EuGH: Pflicht eines Mitgliedstaats, die Zahlung von Säumniszinsen auch bei Fehlen eines Rechtsbehelfs vor den einzelstaatlichen Gerichten vorzusehen
EuGH, Urteil vom 18.1.2017 – C-365/15, Wortmann KG gegen Hauptzollamt Bielefeld
ECLI:EU:C:2017:19
Volltext:BB-ONLINE BBL2017-341-1
Tenor
Werden Einfuhrabgaben, zu denen auch Antidumpingzölle gehören, deshalb erstattet, weil sie unter Verstoß gegen das Unionsrecht erhoben wurden, was zu prüfen Sache des vorlegenden Gerichts ist, besteht eine unionsrechtliche Pflicht der Mitgliedstaaten, Rechtsuchenden, die einen Anspruch auf die Erstattung der entrichteten Beträge haben, diese ab dem Zeitpunkt ihrer Entrichtung zu verzinsen.
Aus den Gründen
1 Das Vorabentscheidungsersuchen betrifft die Auslegung von Art. 241 der Verordnung (EWG) Nr. 2913/92 des Rates vom 12. Oktober 1992 zur Festlegung des Zollkodex der Gemeinschaften (ABl. 1992, L 302, S. 1, im Folgenden: Zollkodex).

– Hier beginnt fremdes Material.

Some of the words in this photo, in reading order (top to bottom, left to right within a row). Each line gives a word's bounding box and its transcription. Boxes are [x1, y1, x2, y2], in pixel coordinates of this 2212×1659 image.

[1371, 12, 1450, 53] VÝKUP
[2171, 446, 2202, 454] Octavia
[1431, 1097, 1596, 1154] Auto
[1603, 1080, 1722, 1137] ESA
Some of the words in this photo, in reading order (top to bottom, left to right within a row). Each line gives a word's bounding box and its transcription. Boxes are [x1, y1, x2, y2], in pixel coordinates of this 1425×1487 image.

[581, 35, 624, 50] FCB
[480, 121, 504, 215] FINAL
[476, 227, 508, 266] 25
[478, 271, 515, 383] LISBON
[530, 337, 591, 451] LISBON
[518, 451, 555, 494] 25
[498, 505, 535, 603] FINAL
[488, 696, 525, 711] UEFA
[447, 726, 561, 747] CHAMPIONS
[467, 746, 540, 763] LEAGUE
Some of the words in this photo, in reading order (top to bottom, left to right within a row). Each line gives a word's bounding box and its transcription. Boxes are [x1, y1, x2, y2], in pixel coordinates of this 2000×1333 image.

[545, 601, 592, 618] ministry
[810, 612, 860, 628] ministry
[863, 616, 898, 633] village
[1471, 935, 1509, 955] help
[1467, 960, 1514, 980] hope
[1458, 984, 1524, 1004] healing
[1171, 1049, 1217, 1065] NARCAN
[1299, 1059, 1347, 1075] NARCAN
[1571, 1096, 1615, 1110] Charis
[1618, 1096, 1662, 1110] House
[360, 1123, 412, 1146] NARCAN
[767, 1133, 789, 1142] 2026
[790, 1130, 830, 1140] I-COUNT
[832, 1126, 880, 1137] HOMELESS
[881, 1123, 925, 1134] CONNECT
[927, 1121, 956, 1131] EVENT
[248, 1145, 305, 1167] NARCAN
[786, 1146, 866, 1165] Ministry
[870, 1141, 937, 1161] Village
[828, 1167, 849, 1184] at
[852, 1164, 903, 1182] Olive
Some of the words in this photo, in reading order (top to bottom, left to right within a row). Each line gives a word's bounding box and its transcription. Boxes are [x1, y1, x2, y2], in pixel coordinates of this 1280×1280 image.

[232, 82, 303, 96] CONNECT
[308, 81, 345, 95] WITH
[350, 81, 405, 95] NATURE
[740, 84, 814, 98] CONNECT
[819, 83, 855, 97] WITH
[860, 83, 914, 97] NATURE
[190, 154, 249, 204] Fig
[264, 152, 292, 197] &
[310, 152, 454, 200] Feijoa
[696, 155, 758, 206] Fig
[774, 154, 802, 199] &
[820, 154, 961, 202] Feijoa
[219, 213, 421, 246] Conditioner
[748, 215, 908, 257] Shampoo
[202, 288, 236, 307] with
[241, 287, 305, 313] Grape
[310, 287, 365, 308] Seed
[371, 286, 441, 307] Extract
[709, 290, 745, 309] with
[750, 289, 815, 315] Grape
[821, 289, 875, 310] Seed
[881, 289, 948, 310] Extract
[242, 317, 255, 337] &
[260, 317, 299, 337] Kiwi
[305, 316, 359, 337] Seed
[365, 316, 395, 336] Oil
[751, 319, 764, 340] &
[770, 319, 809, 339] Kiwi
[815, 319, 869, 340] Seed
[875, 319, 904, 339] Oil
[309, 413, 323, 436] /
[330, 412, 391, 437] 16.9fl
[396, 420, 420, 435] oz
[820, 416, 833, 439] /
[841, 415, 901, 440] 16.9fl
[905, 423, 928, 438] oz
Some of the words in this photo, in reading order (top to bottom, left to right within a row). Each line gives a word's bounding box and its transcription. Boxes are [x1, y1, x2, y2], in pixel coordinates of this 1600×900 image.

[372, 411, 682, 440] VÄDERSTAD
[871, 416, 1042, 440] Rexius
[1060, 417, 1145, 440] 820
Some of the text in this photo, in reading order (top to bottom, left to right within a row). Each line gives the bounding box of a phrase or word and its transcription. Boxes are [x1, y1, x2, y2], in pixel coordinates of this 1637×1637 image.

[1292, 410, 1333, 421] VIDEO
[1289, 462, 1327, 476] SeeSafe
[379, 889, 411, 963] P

2 Es ergeht im Rahmen eines Rechtsstreits zwischen der Wortmann KG Internationale Schuhproduktionen (im Folgenden: Wortmann) und dem Hauptzollamt Bielefeld (Deutschland) über die Zahlung von Zinsen bei der Erstattung von Antidumpingzöllen, die Wortmann gemäß der mit Urteil vom 2. Februar 2012, Brosmann Footwear (HK) u. a./Rat (C-249/10 P, EU:C:2012:53), teilweise für nichtig erklärten Verordnung (EG) Nr. 1472/2006 des Rates vom 5. Oktober 2006 zur Einführung eines endgültigen Antidumpingzolls und zur endgültigen Vereinnahmung des vorläufigen Zolls auf die Einfuhren bestimmter Schuhe mit Oberteil aus Leder mit Ursprung in der Volksrepublik China und Vietnam (ABl. 2006, L 275, S. 1) gezahlt hat.
Rechtlicher Rahmen
Unionsrecht
Zollkodex
3 Art. 4 des Zollkodex sieht vor:
„Im Sinne dieses Zollkodex ist oder sind
…
10. Einfuhrabgaben:
– Zölle und Abgaben mit gleicher Wirkung bei der Einfuhr von Waren;
…“
4 Art. 232 des Zollkodex bestimmt:
„(1) Ist der Abgabenbetrag nicht fristgerecht entrichtet worden,
…
b) so werden zusätzlich zu dem Abgabenbetrag Säumniszinsen erhoben. Der Säumniszinssatz kann höher als der Kreditzinssatz sein. Er darf jedoch nicht niedriger sein.
…“
5 Art. 236 des Zollkodex sieht vor:
„(1) Einfuhr- oder Ausfuhrabgaben werden insoweit erstattet, als nachgewiesen wird, dass der Betrag im Zeitpunkt der Zahlung nicht gesetzlich geschuldet war oder der Betrag entgegen Artikel 220 Absatz 2 buchmäßig erfasst worden ist.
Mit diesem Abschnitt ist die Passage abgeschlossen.